Proposal: Memory management — does Ξ need a GC?
Status: draft / exploration. This document weighs the options and recommends a direction. Nothing here is implemented yet.
The question
How should Ξ manage heap memory? The answer has to honour the language's three standing commitments, which pull in slightly different directions:
- Fast — predictable, close-to-C performance; no surprise pauses.
- Least dependency — Ξ → C99 → a native binary with nothing but the system
ccand libc. A memory strategy that drags in a third-party runtime (a GC library, say) breaks this. - Easy to learn — no concept that costs a newcomer a week. Lifetime borrowing (Rust-style) is the canonical example of what we'd rather not force on people — though it's worth exploring as an opt-in.

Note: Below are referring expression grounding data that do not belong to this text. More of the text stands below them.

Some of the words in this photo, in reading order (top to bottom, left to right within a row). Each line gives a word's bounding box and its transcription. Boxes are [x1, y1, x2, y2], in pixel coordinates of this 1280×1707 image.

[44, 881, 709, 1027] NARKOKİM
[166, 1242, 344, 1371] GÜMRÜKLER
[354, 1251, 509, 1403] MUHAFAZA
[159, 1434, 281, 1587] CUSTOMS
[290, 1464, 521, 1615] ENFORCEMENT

These can't all be maxed at once: tracing GC trades predictability and a runtime for ease; borrow checking trades ease for speed and zero runtime. The job of this proposal is to pick the trade that best fits the philosophy.
Where we are today
Ξ currently uses allocate-and-leak: every heap value — a String buffer
(xc_str_copy), an array's backing store, a DI-boxed class instance
(xc_new_*), an event/channel payload — is malloc'd and never freed. The
process reclaims everything on exit. The runtime's free calls are only for
short-lived C scratch (e.g. the char* from xc_string_to_cstr), not for
language-level values.
This is deliberate and it's fine for the common case so far:
- The compiler itself runs once and exits — leaking is simply the fastest arena strategy (no bookkeeping, no frees).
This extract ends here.